Compared to the more familiar explanatory study design,
  1. Pragmatic study is aimed to to evaluate the effectiveness of the intervention in a broad and diverse routine clinical practice whereas the explanatory study design is aimed to evaluate the efficacy of an intervention in a well-defined and controlled setting (ideal/optimal environment)
  2. Because pragmatic study is done in diverse clinical settings, it often requires a larger sample size as compared to the explanatory study design that often require a smaller sample size
  3. Because pragmatic study design is done in real life settings, the confounders are often poorly controlled whereas in an explanatory study design, the confounders are controlled as much as possible
  4. As such, because of its real life settings, pragmatic study is probably often more generalizable as compared to the explanatory study design where it is less generalizable.
  5. The bottomline is: pragmatic study design answers the questions of whether an intervention actually works in real life versus the explanatory study design that seeks to answer if and how an intervention works
Summary of evidences so far:
  1. Meta-analysis by Westfall et al (2013): LDB device seems better than manual compression in achieving ROSC. Piston-driven device is no better.
  2. CIRC trial (2014): IA-LDB is no better than manual compression in survival to hospital discharge
  3. PARAMEDIC study (2015): Piston-driven device is no better than manual compression in survival to 30 days
What do these evidences mean to us?
CPR devices in general (not just the piston-driven types like LUCAS, LUCAS-2, but the load-distributing band type like Autopulse) is as good as, but no better, than good quality manual CPR in survival to hospital discharge.   The caveat here is: "good quality". As long as you are able provide good quality CPR, it doesn't really matter whether it is your good old pair of hands or the CPR devices, the outcome is the same. But if you are short of staffs to rotate around for chest compression or you anticipate the prehospital journey is rather long and not conducive for manual CPR, CPR device is a good alternative.

In other words, CPR devices don't work magic.
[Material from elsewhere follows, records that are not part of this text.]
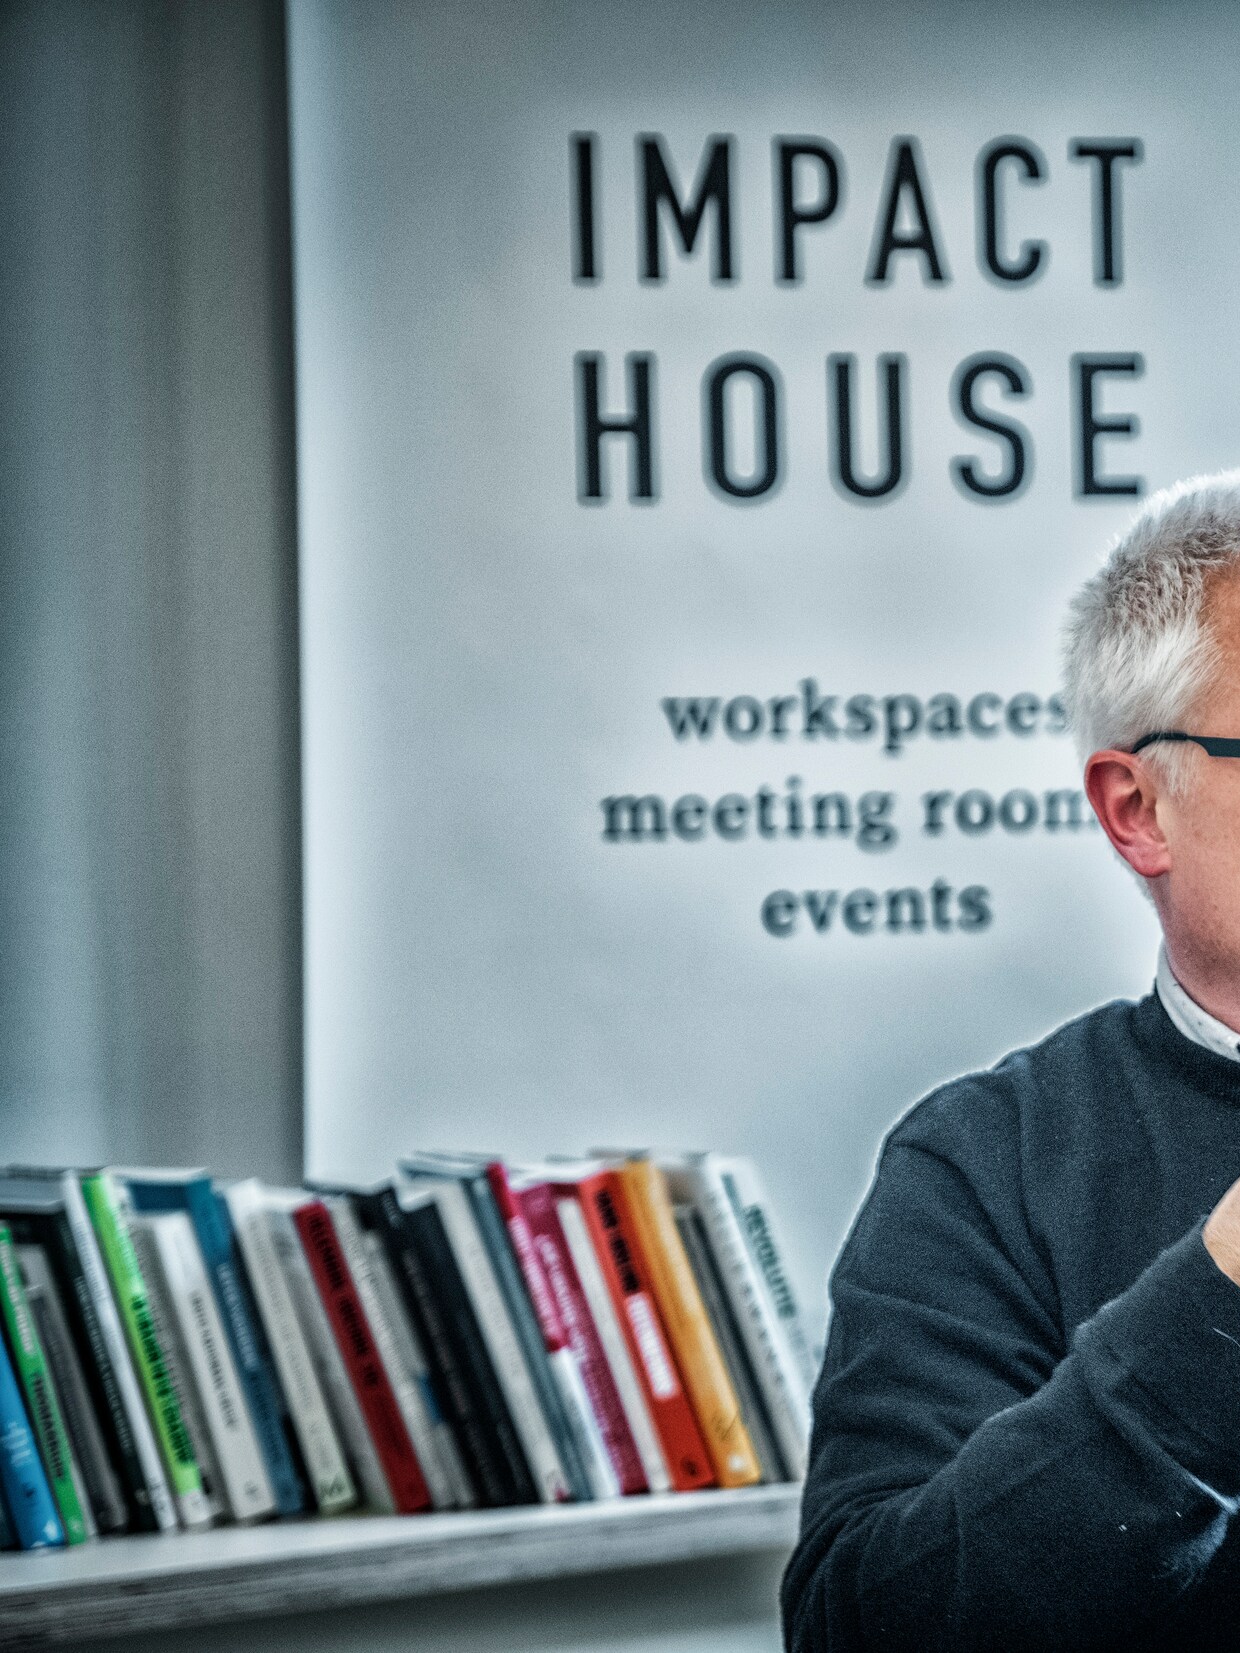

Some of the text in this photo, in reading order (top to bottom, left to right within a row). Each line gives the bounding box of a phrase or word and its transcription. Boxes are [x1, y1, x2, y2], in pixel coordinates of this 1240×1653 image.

[571, 133, 1141, 286] IMPACT
[575, 353, 1142, 502] HOUSE
[661, 677, 1068, 757] workspaces
[601, 774, 1099, 854] meeting room
[760, 877, 993, 937] events
Probably the only good reason to buy one is that it frees the hands of the rescuers for other procedures such as defibrillation with on-going CPR or IV access.

Practically, in my setting, I have experienced with both auto-pulse and LUCAS-2 and both may have technical difficulties like the device cannot be fitted properly especially if the patient is rather big size, and thus wasting valuable time when manual CPR could be provided. In other words, there's a learning curve to overcome.  I have also seen cases where the paramedics applied the device, but unfortunately, half-way through the resuscitation process, the device stopped working, or the paramedics realized the device was not positioned centrally, and so, he removed it, reapplied it and restarted it. Technical faults. Wasting time.
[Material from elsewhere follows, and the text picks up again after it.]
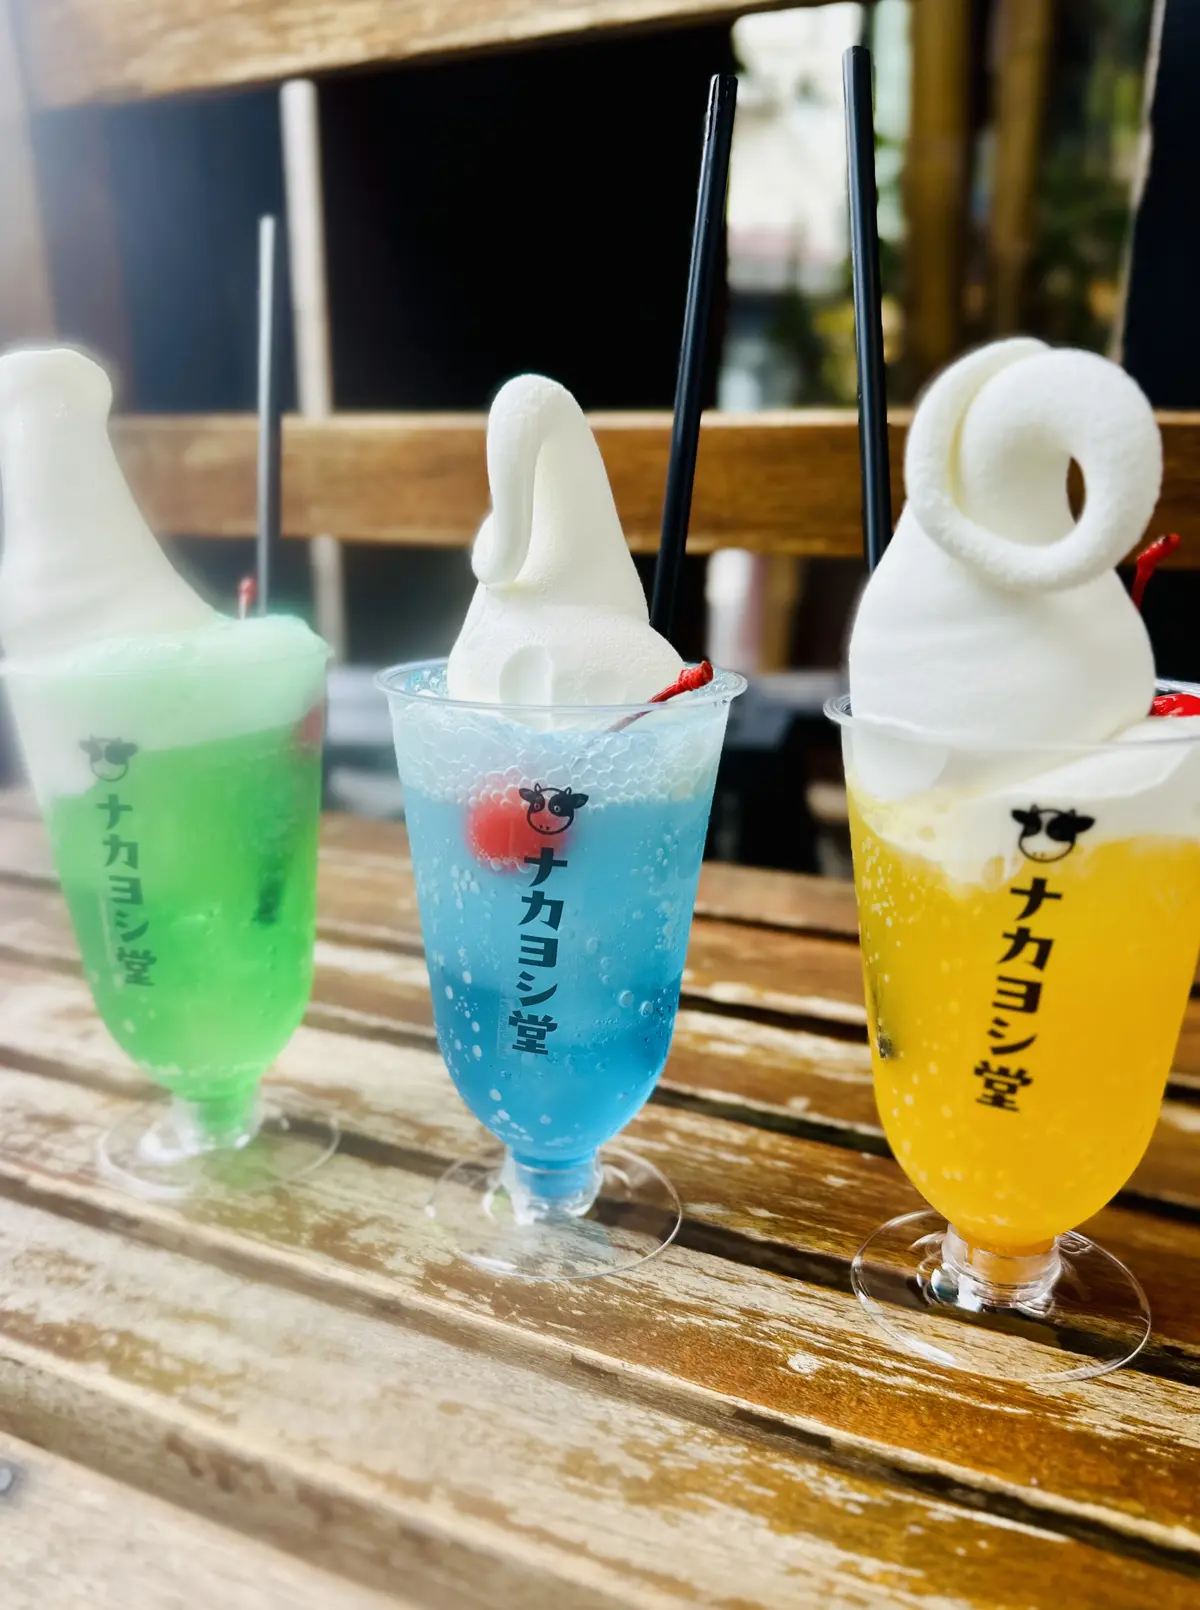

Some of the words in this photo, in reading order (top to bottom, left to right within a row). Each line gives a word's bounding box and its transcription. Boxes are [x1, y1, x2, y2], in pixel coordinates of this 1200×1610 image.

[96, 793, 158, 987] ナカヨシ堂
[508, 847, 568, 1055] ナカヨシ堂
[973, 876, 1063, 1113] ナカヨシ堂
Anyone with anecdotal experiences that CPR devices achieve more ROSC than manual CPR should really ask if this is in fact, more of a reflection of the fact that we are not providing good quality manual CPR than anything else. Unfortunately, not many hospitals in Malaysia are using feedback devices yet to evaluate the equality of our manual CPR.
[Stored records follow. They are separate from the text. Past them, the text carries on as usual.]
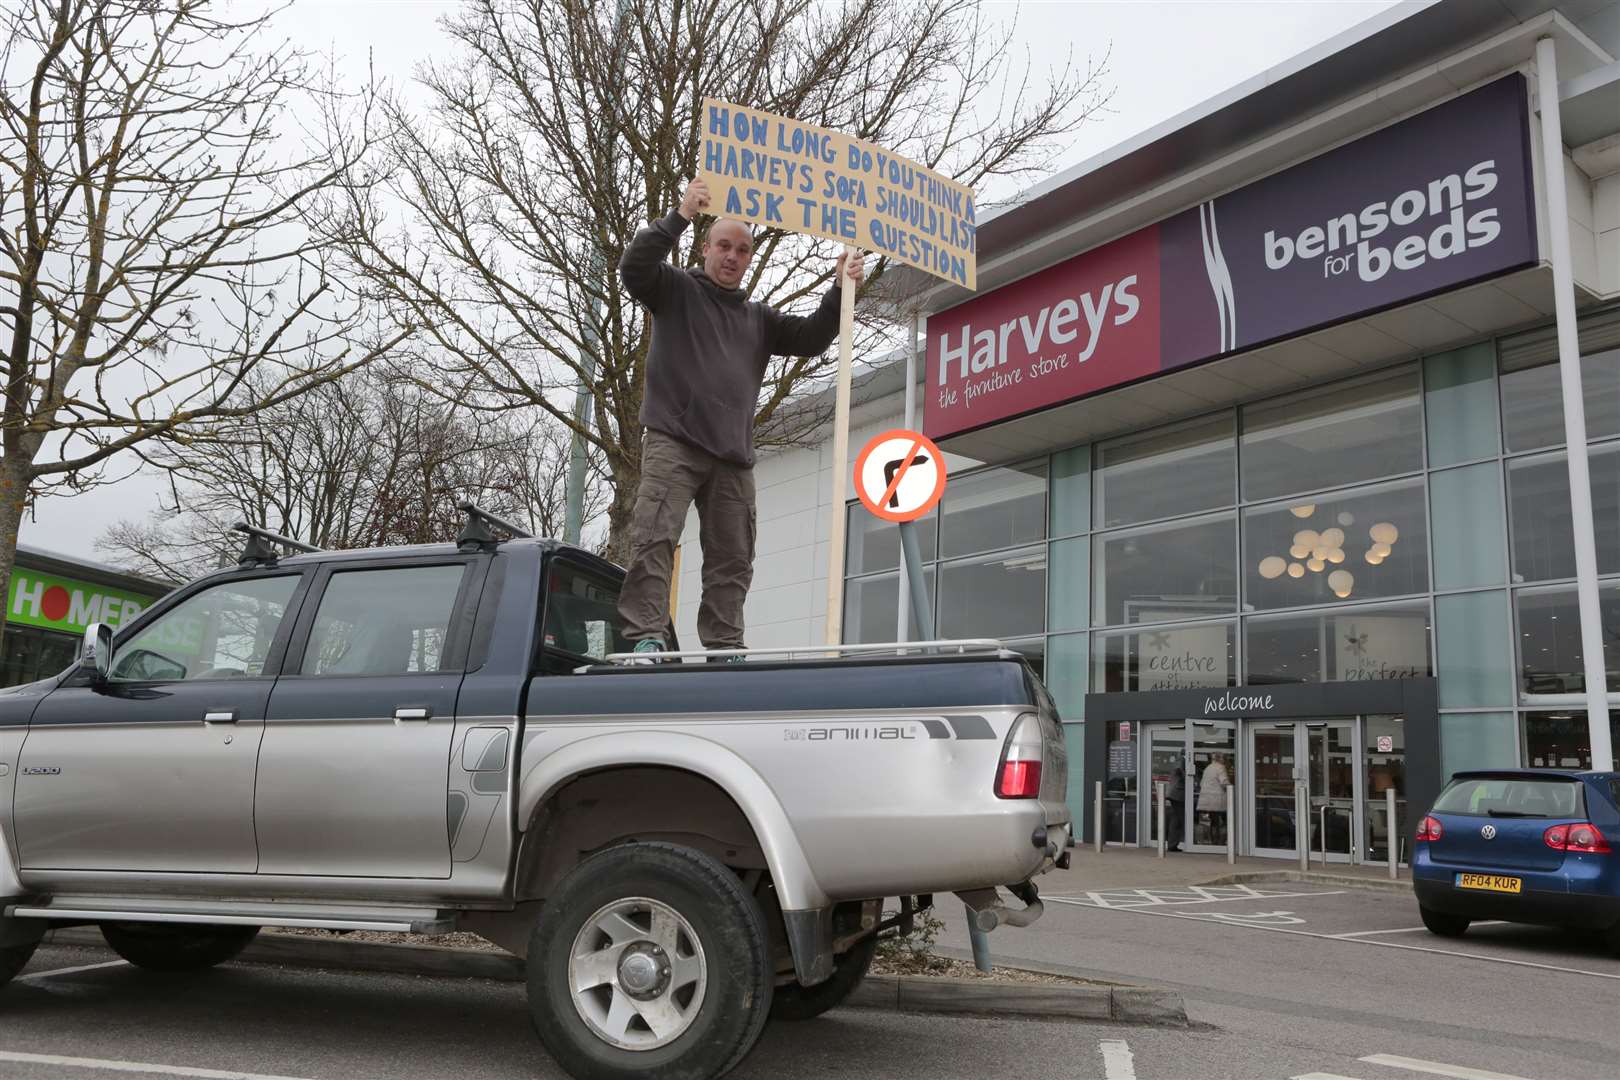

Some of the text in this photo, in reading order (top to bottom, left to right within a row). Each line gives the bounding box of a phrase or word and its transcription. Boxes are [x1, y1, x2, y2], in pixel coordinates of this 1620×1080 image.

[705, 140, 977, 254] HARVEYS SOFA SHOULD LAST
[709, 106, 976, 224] HOW LONG DO YOU THINK A
[725, 186, 967, 286] ASK THE QUESTION
[1264, 159, 1499, 270] bensons
[1324, 206, 1501, 282] for beds
[938, 274, 1140, 386] Harveys
[938, 352, 1069, 409] the furniture store
[1149, 651, 1217, 672] centre
[1204, 691, 1274, 714] welcome
[1463, 874, 1518, 889] RF04 KUR
The bottomline is, I have no conflict of interest with or against any of the companies of these devices. I think these are all great devices to have but I just think that in our quest to look into this Man vs Machine issue, we should be more balanced in our perspective, not to be carried away and lose sight of that it is really the quality of the CPR that makes the difference.